» Goal of the exercise: Without the pictures, repeat the listing character for character.

=-=-=

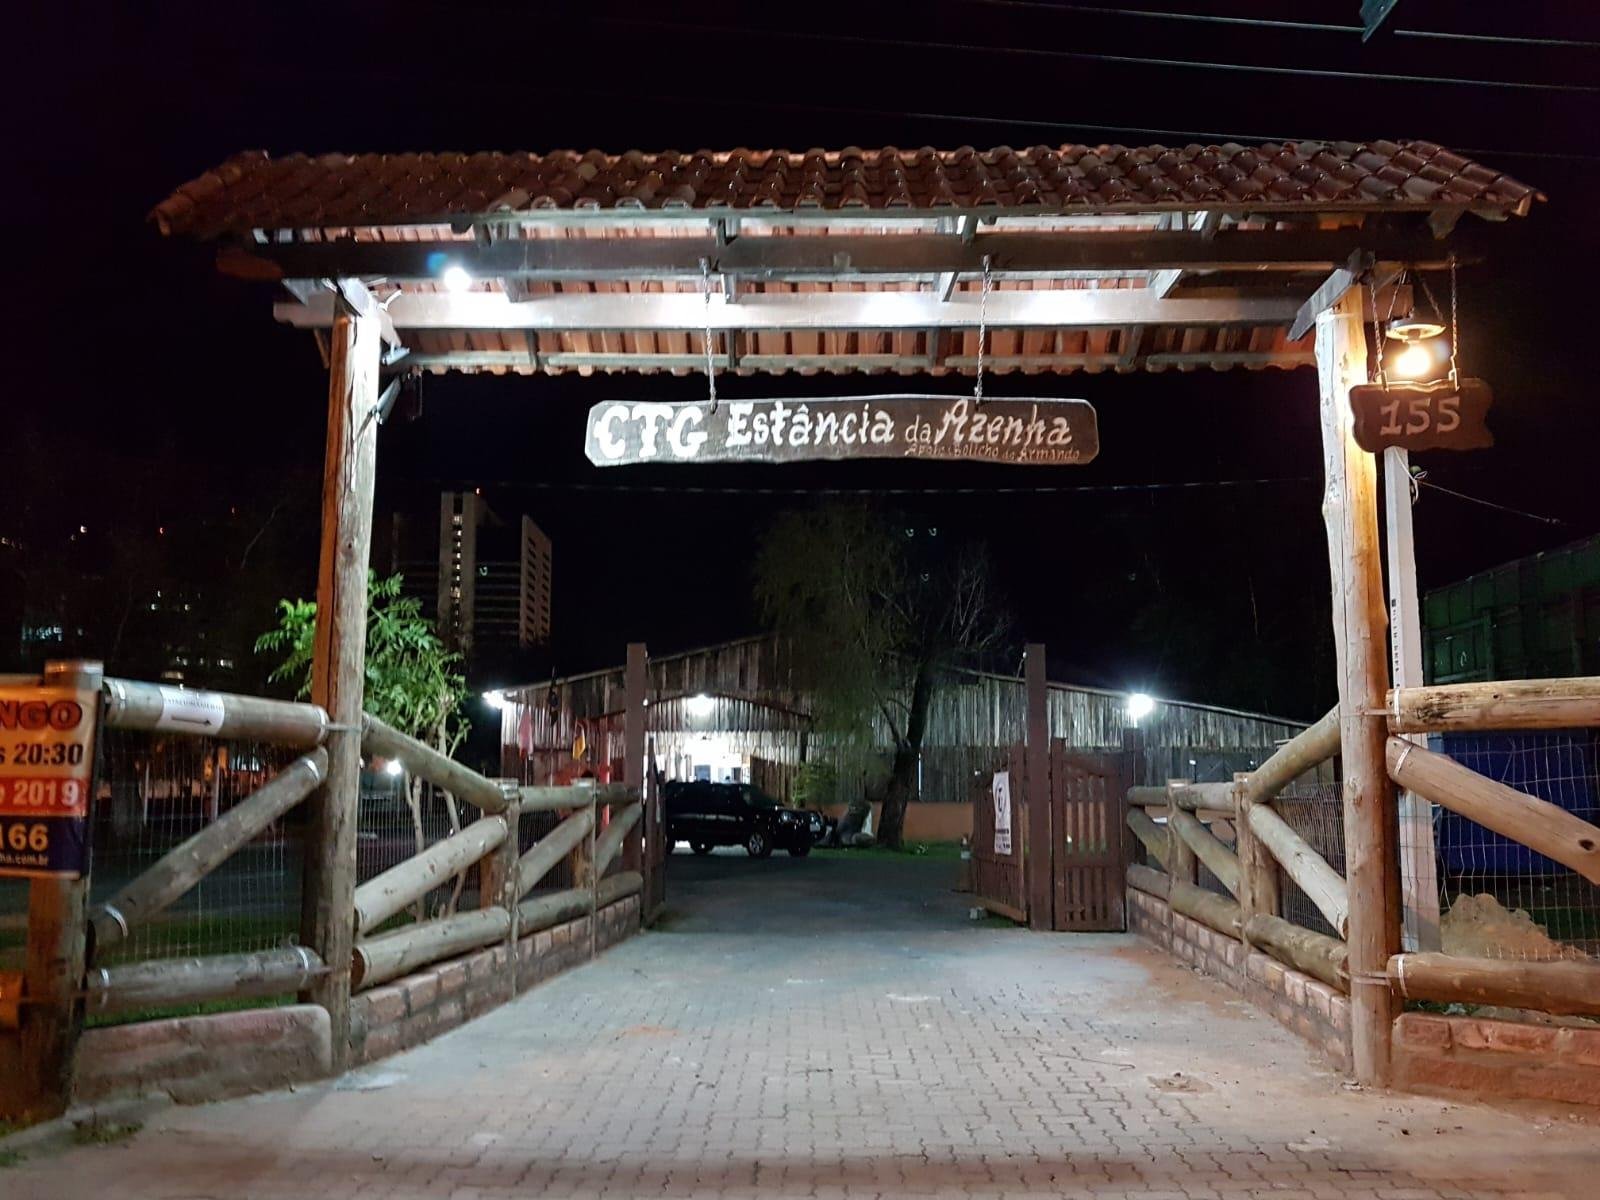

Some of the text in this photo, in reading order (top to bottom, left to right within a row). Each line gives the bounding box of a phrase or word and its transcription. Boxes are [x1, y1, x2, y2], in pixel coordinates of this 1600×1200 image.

[594, 399, 1073, 458] CTG Estância da Azenha
[1380, 397, 1461, 435] 155
[0, 700, 83, 731] NGO
[14, 743, 84, 766] 20:30
[12, 779, 80, 807] 2019
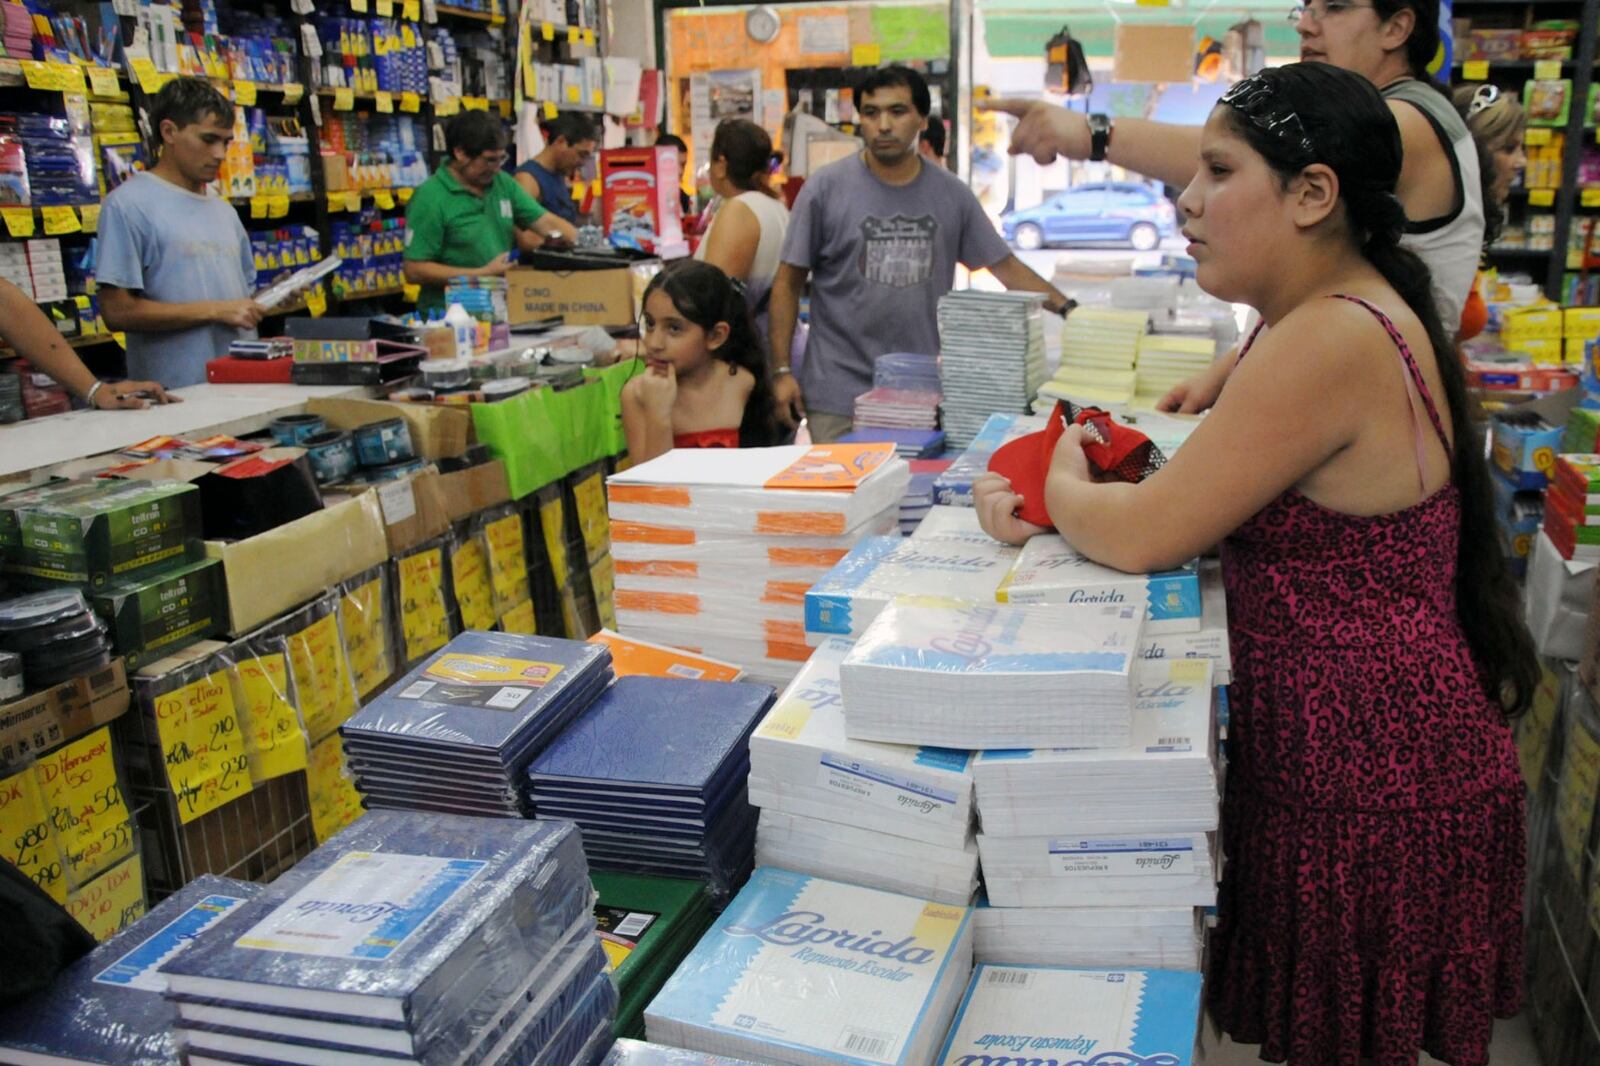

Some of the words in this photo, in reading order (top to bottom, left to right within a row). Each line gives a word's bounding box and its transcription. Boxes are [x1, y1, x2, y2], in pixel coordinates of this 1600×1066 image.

[525, 303, 554, 312] MADE
[558, 303, 569, 312] IN
[897, 794, 941, 814] Laprida
[1136, 854, 1180, 869] Laprida
[722, 911, 936, 966] Laprida
[790, 947, 858, 972] Repuesto
[856, 959, 914, 983] Escolar
[974, 1034, 1030, 1052] Escolar
[1031, 1034, 1098, 1055] Repuesto
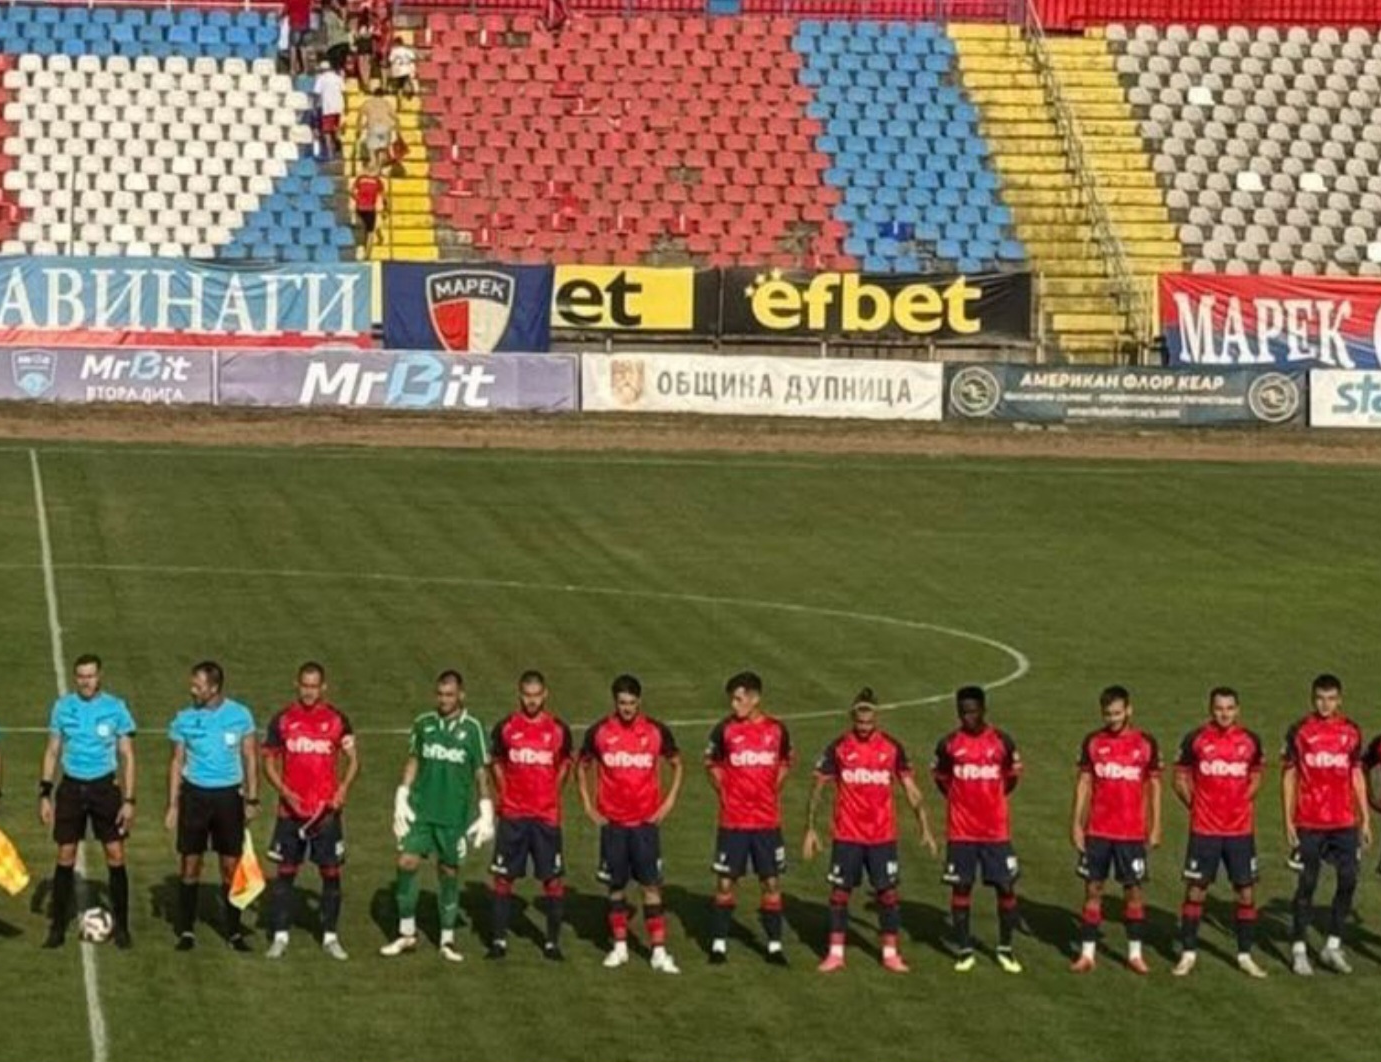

=-=-=

» Answer area:
Some of the text in this photo, in reading order (top to bottom, left to right within a row). Each line gives the bounding box of a phrase or word and its transcription. Boxes are [x1, y1, x2, y2], in pixel coordinates of this 1600×1200 image.

[594, 399, 1073, 458] CTG Estância da Azenha
[1380, 397, 1461, 435] 155
[0, 700, 83, 731] NGO
[14, 743, 84, 766] 20:30
[12, 779, 80, 807] 2019

Some of the words in this photo, in reading order (top to bottom, left to right within a row). Each line gives a word's bounding box and its transcription. Boxes are [x1, y1, x2, y2], in pixel coordinates of this 1600×1066 image.

[525, 303, 554, 312] MADE
[558, 303, 569, 312] IN
[897, 794, 941, 814] Laprida
[1136, 854, 1180, 869] Laprida
[722, 911, 936, 966] Laprida
[790, 947, 858, 972] Repuesto
[856, 959, 914, 983] Escolar
[974, 1034, 1030, 1052] Escolar
[1031, 1034, 1098, 1055] Repuesto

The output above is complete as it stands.